Then she heard it.
Soft footsteps.
Small. Careful.
Moving toward the dark hallway.
Her heart slammed against her ribs.
And then—a sound that made her blood run cold.
A child’s sob.
“Mom… Mommy…”
The voice cracked with fear.
María slid from the bed, hands shaking, and stepped into the corridor. Her phone’s weak light barely pierced the darkness. The crying led her to a door at the far end.
Locked.
“Hello?” she whispered. “Are you okay?”
The crying stopped instantly.
Silence swallowed the hall.
Then a voice spoke behind her.
“You were told not to come here.”
María turned slowly.
Don Alberto stood in the shadows, but the broken man from earlier was gone. His face was rigid. Controlled. Wrong.
“Who’s in that room?” she asked, forcing the words out.
“No one,” he replied too quickly. “Go back. Now.”
Her instincts screamed.
“I heard a child,” María said. “That wasn’t my imagination.”
He stepped closer.
That’s when she saw the key in his hand—old, darkened, stained with something time had not erased.
“My children didn’t die,” he said softly. “I couldn’t let them go.”
Her breath caught.
“They’re still here,” he continued. “And now… you will be too.”
He slid the key into the lock.
The door opened with a groan that echoed through the house.

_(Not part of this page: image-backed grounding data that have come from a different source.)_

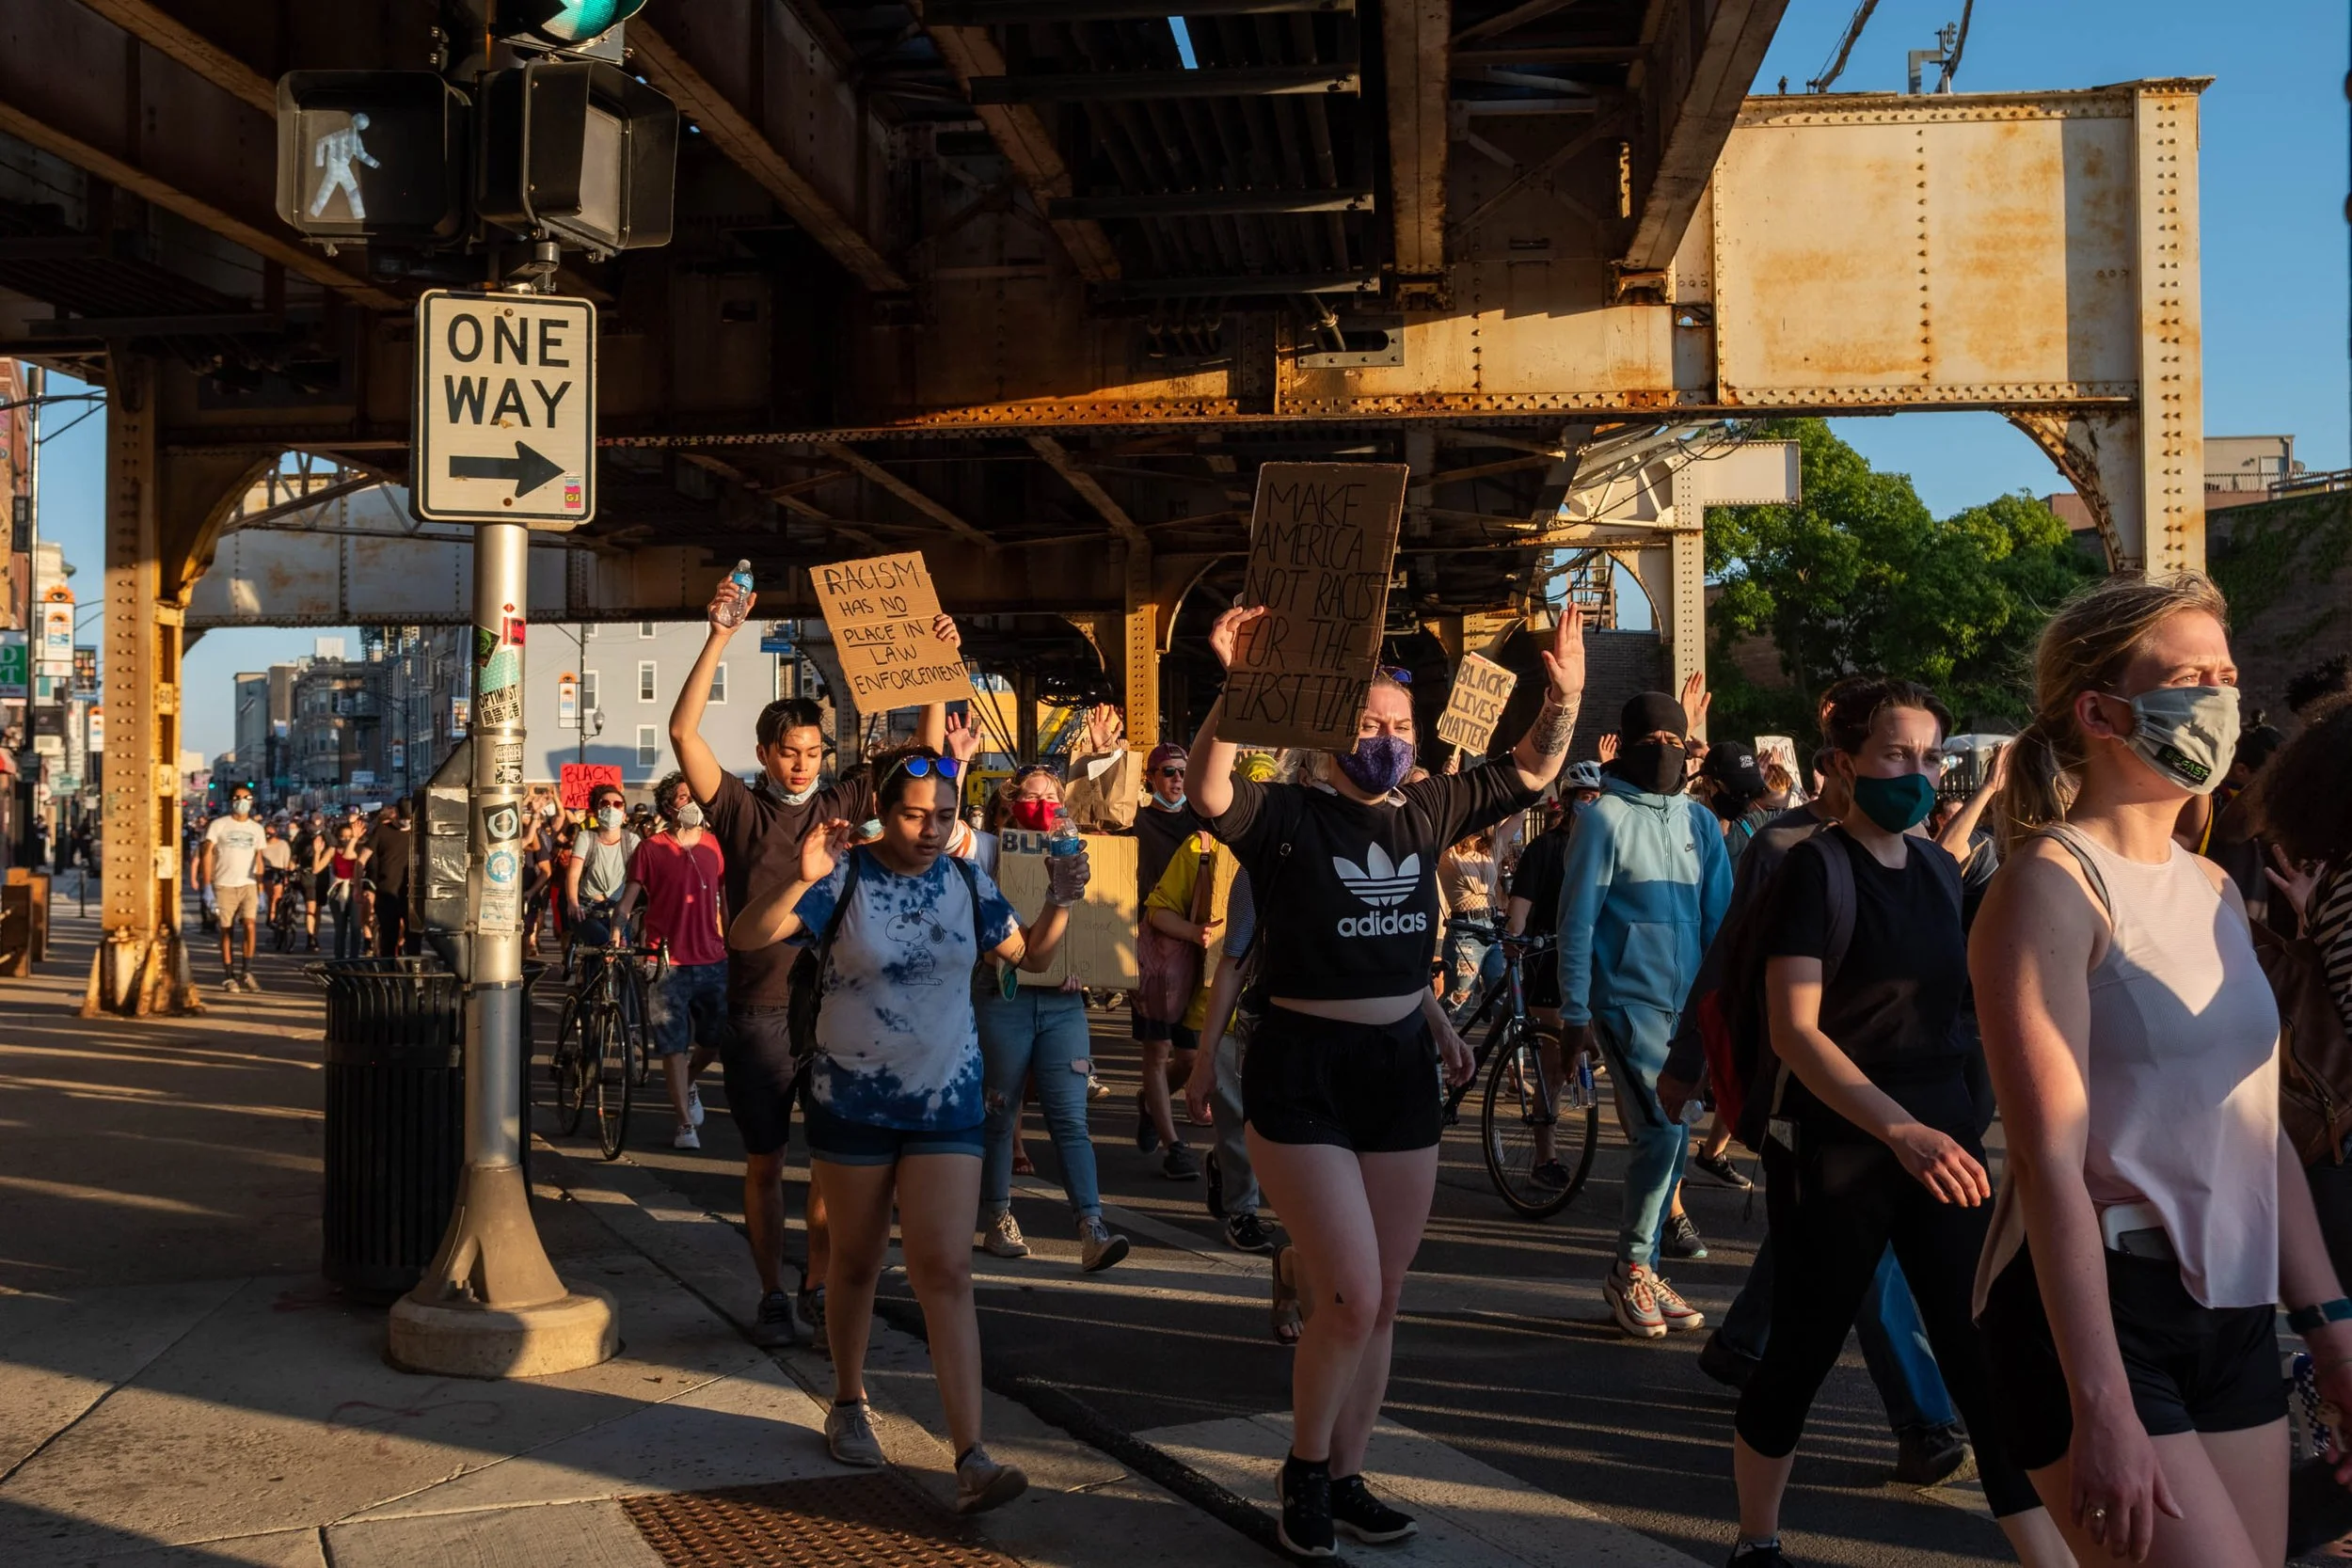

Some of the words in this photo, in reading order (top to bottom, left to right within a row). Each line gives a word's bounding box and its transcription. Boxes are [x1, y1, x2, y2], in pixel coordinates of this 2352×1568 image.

[448, 313, 569, 368] ONE
[444, 374, 572, 429] WAY
[1267, 482, 1367, 528] MAKE
[1251, 521, 1363, 571] AMERICA
[823, 560, 920, 594] RACISM
[1246, 565, 1309, 611] NOT
[1313, 571, 1390, 622] RACIST
[838, 597, 874, 616] HAS
[880, 595, 908, 613] NO
[843, 624, 896, 642] PLACE
[902, 619, 925, 639] IN
[1234, 615, 1289, 670] FOR
[1307, 619, 1360, 671] THE
[869, 643, 917, 666] LAW
[853, 661, 967, 695] ENFORCEMENT
[1455, 660, 1507, 698] BLACK
[1223, 671, 1311, 727] FIRST
[1312, 674, 1371, 737] TIME
[1451, 687, 1499, 724] LIVES
[1440, 712, 1489, 751] MATTER
[564, 766, 615, 784] BLACK
[1337, 909, 1427, 938] adidas

A smell rushed out—stale, heavy, unnatural.
The light flicked on.
And María understood, too late, that the cries she’d heard were not coming from living children at all.
They were echoes.
Memories trapped in the dark.
And the truth waiting in that room was far worse than death.
The Truth Nobody Expected
The room was full of dolls. Dozens and dozens of dolls the size of real children, sitting in small chairs, wearing real children’s clothes.

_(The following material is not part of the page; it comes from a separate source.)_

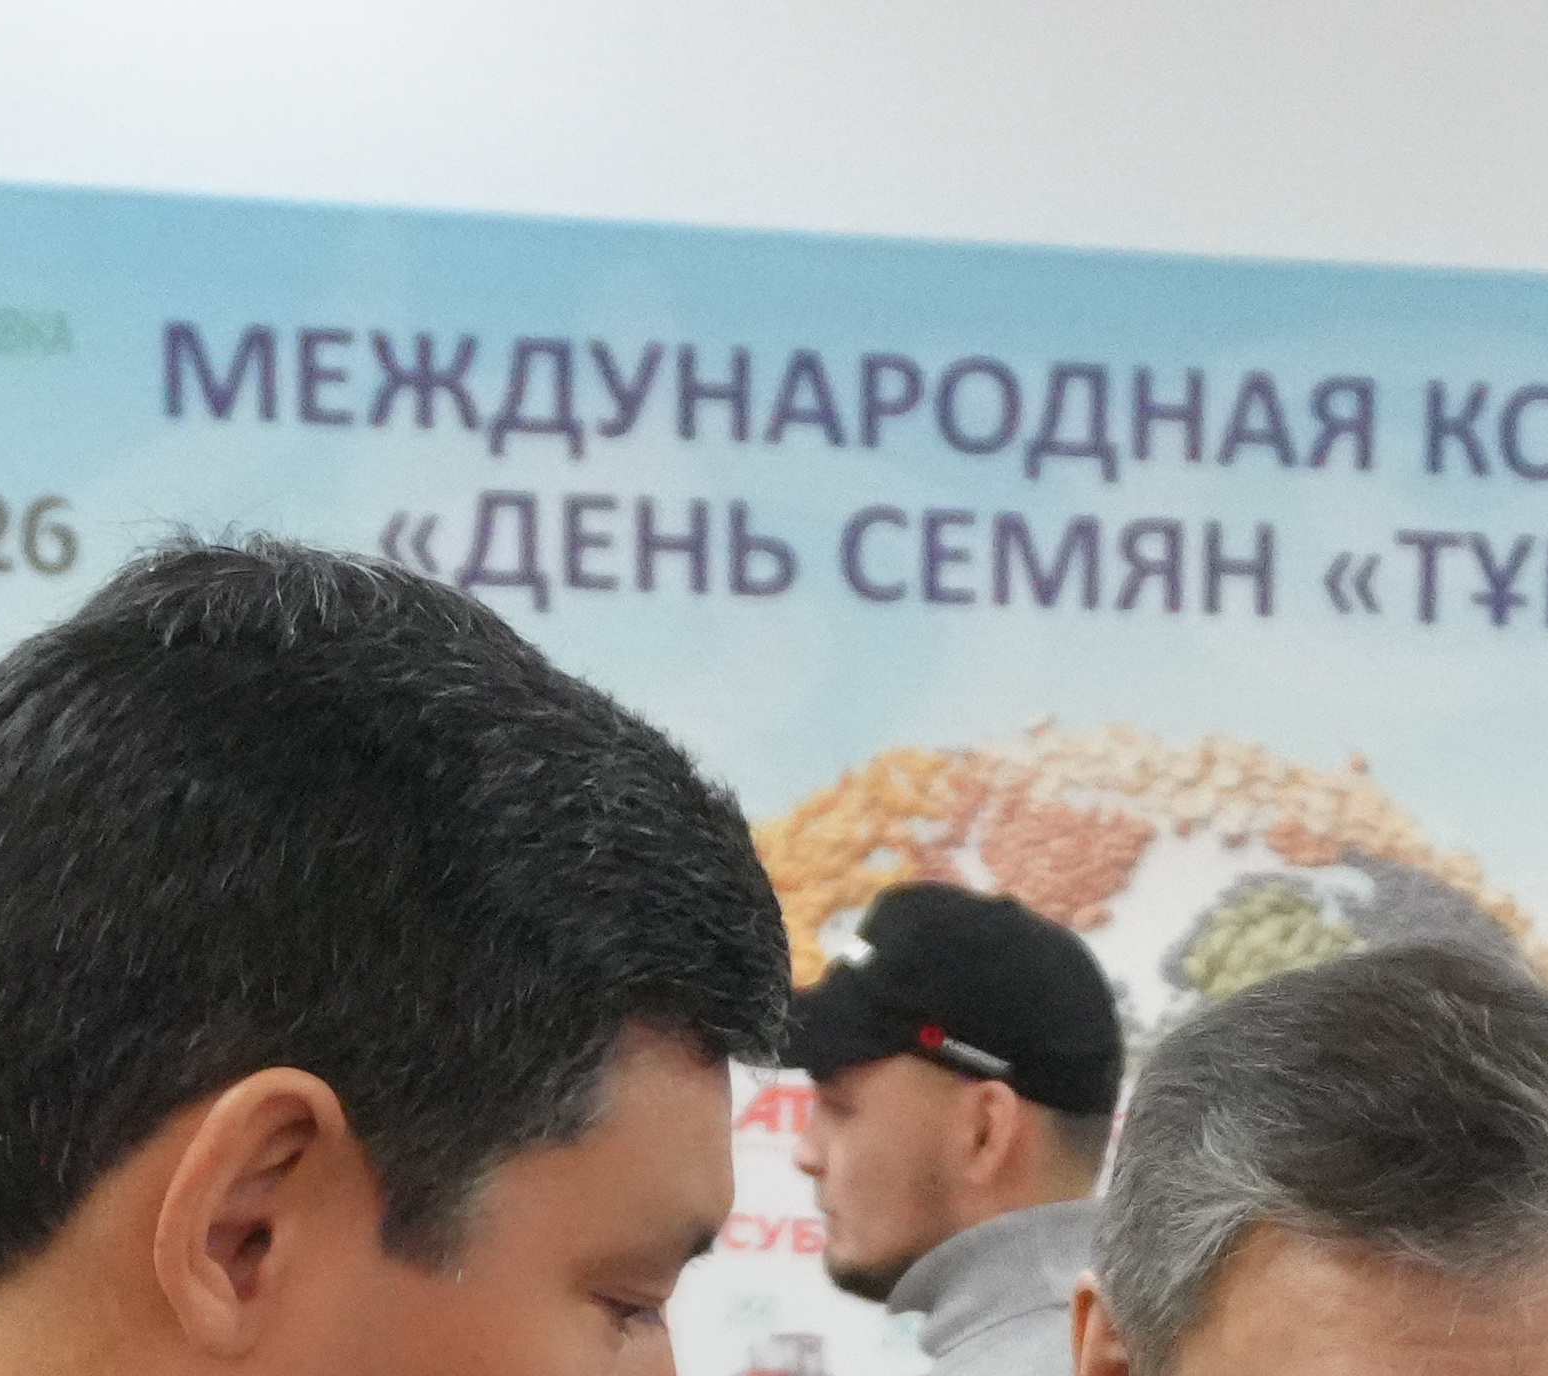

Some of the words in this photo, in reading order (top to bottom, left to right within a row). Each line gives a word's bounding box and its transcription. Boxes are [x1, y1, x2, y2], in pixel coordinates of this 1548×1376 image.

[160, 323, 1377, 478] МЕЖДУНАРОДНАЯ
[380, 491, 798, 606] «ДЕНЬ
[838, 505, 1276, 616] СЕМЯН
[720, 1213, 826, 1254] СУБ

But these were not ordinary dolls.
Maria covered her mouth to stifle a scream. The “dolls” had real hair, real teeth, and their eyes… their eyes were glass, but they had been placed with terrifying precision.
“Do you like them?” Don Alberto asked with chilling calm. “I made them myself. Each one represents a child who has stayed in this house.”
In the center of the room, two more elaborate dolls occupied a special place. They wore finer clothes and had golden nameplates: “Alberto Jr.” and “Elena.”
Maria realized with horror that she was seeing the remains of Don Alberto’s true children.
“The first family arrived three years ago,” he continued, stroking the head of one of the dolls. “Just like you. Desperate, penniless. I offered them a place to stay and… well, they never left.”
“He’s crazy,” Maria murmured, desperately searching for a way out.
“I’m not crazy,” Don Alberto replied. “I’m whole. Since my children died, this house needed to be filled again with children’s laughter. And it has been.”